» **ACTION ITEM**:
All of the data that follows should be retyped exactly, please, except the pictures.

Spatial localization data
########

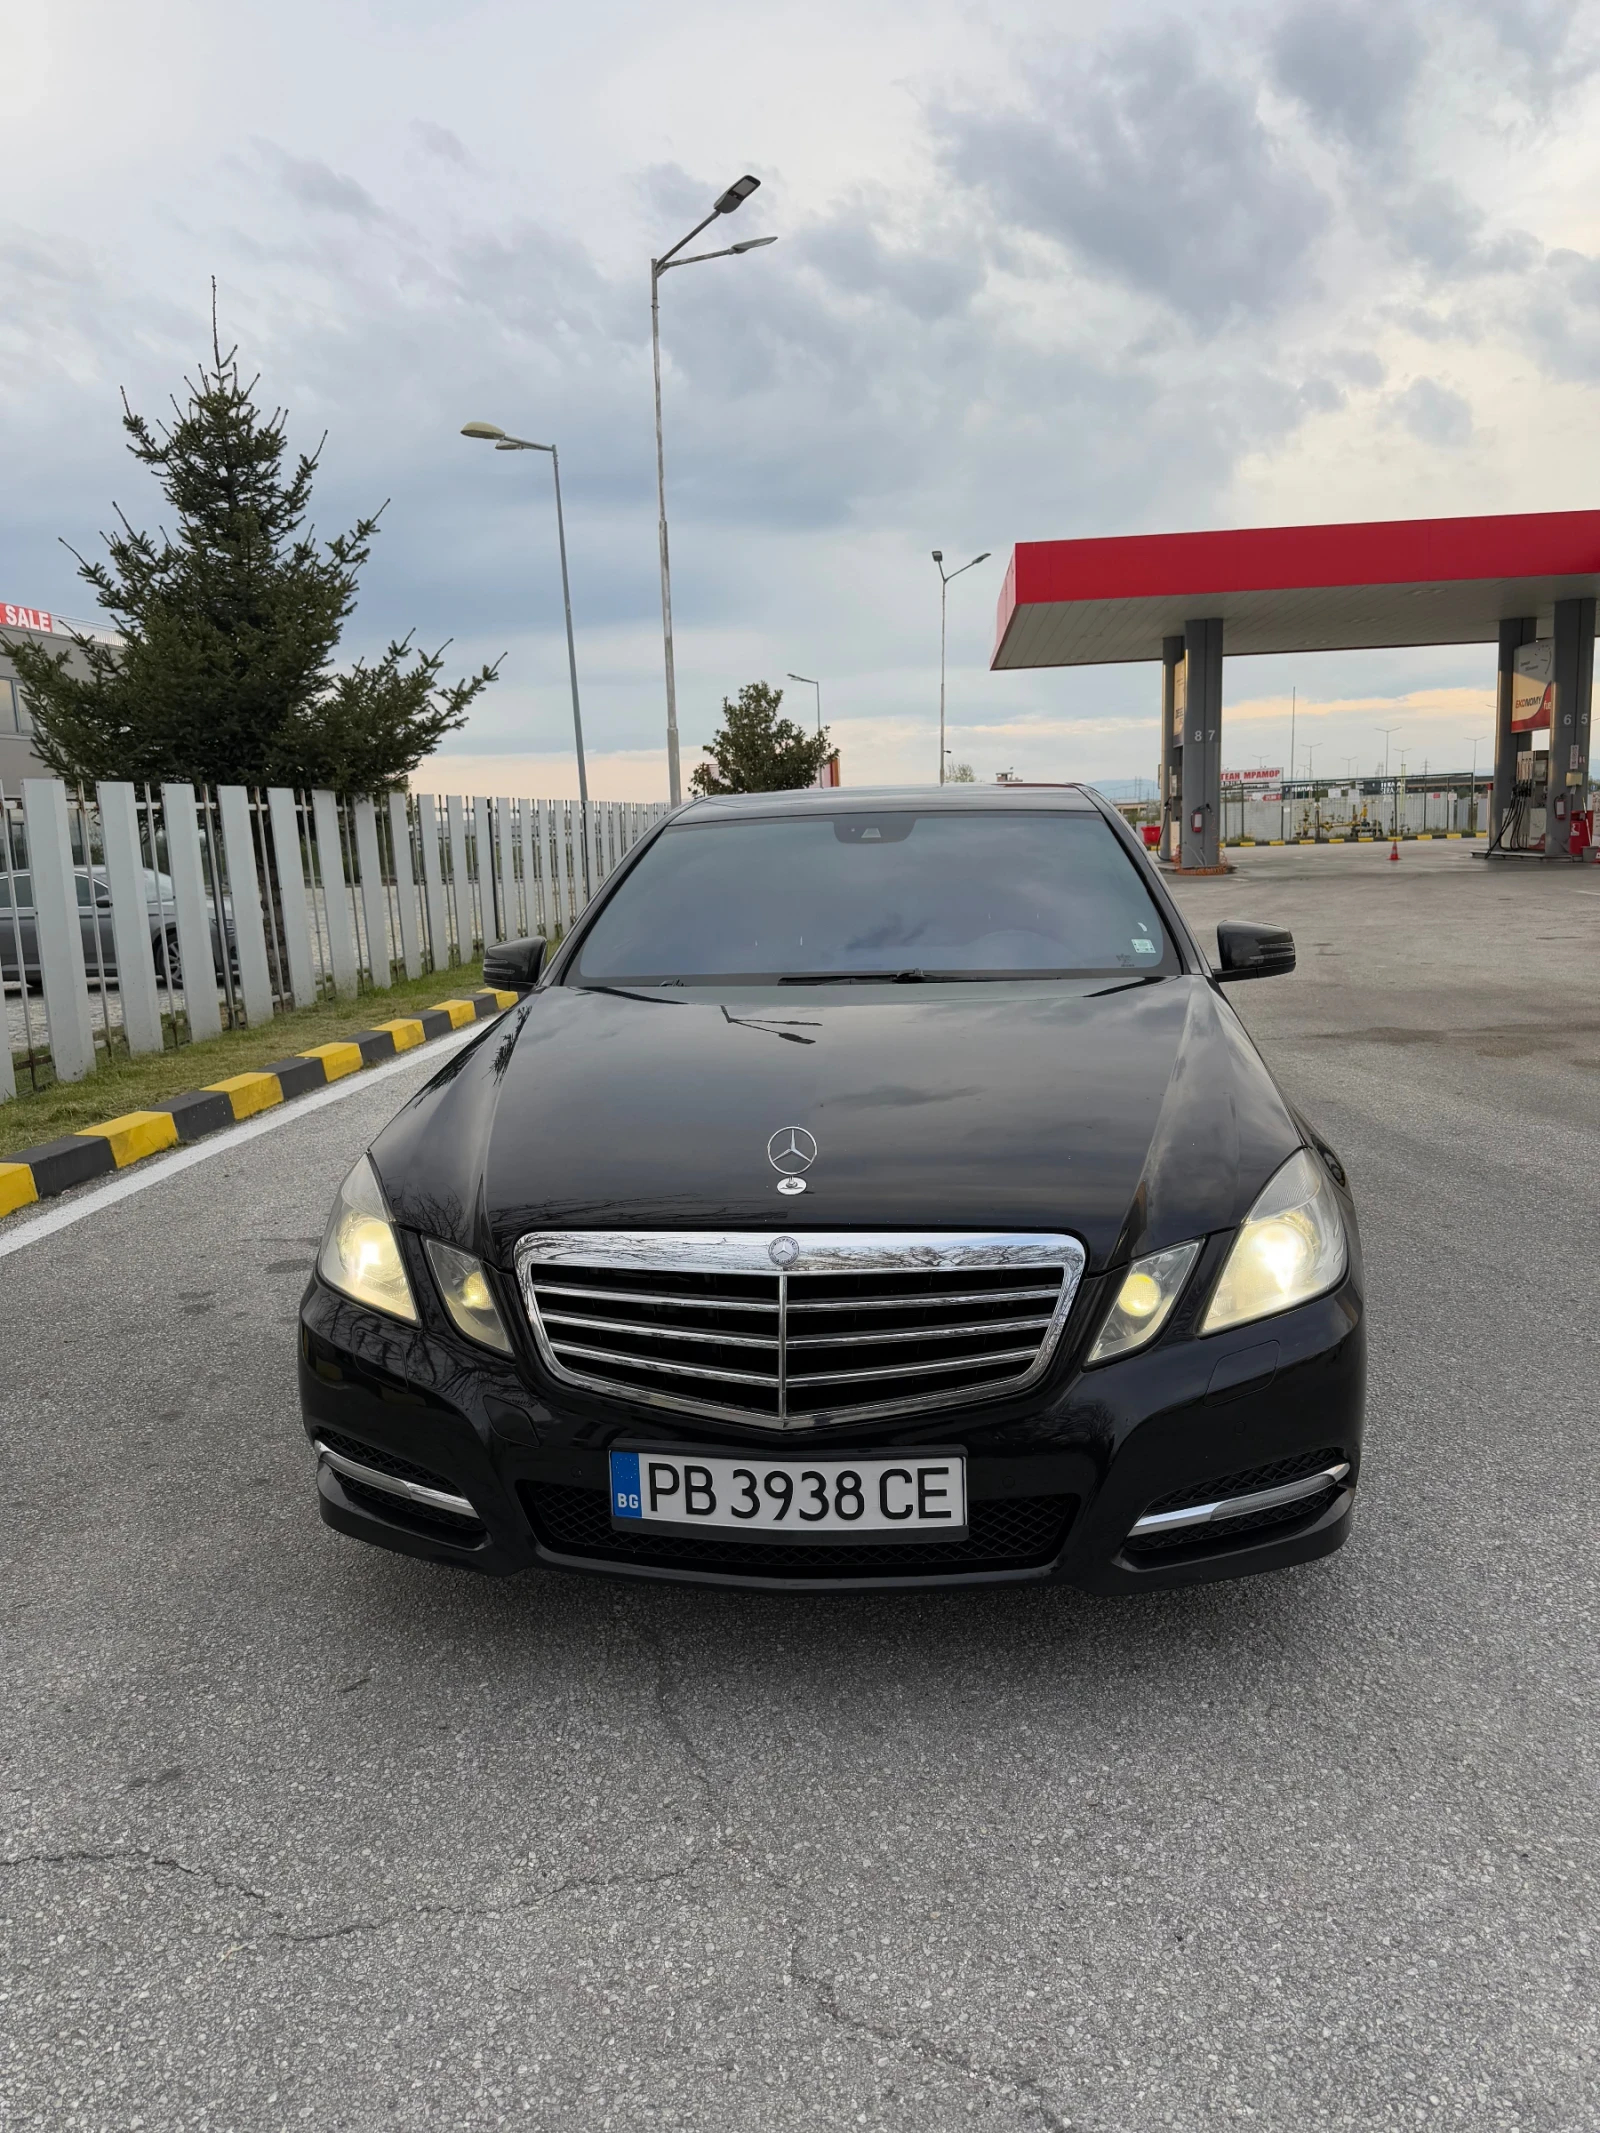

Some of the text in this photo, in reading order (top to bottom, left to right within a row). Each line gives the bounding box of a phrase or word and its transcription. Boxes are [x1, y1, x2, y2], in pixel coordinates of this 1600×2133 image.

[5, 604, 51, 632] SALE
[1563, 713, 1588, 725] 6 5
[1194, 729, 1216, 741] 8 7
[1243, 769, 1280, 780] МРАМОР
[648, 1462, 952, 1521] PB 3938 CE
[617, 1493, 639, 1509] BG

########

» **SOLUTION TO THIS EXERCISE**:
Some of the text in this photo, in reading order (top to bottom, left to right within a row). Each line gives the bounding box of a phrase or word and its transcription. Boxes are [x1, y1, x2, y2], in pixel coordinates of this 1600×2133 image.

[5, 604, 51, 632] SALE
[1563, 713, 1588, 725] 6 5
[1194, 729, 1216, 741] 8 7
[1243, 769, 1280, 780] МРАМОР
[648, 1462, 952, 1521] PB 3938 CE
[617, 1493, 639, 1509] BG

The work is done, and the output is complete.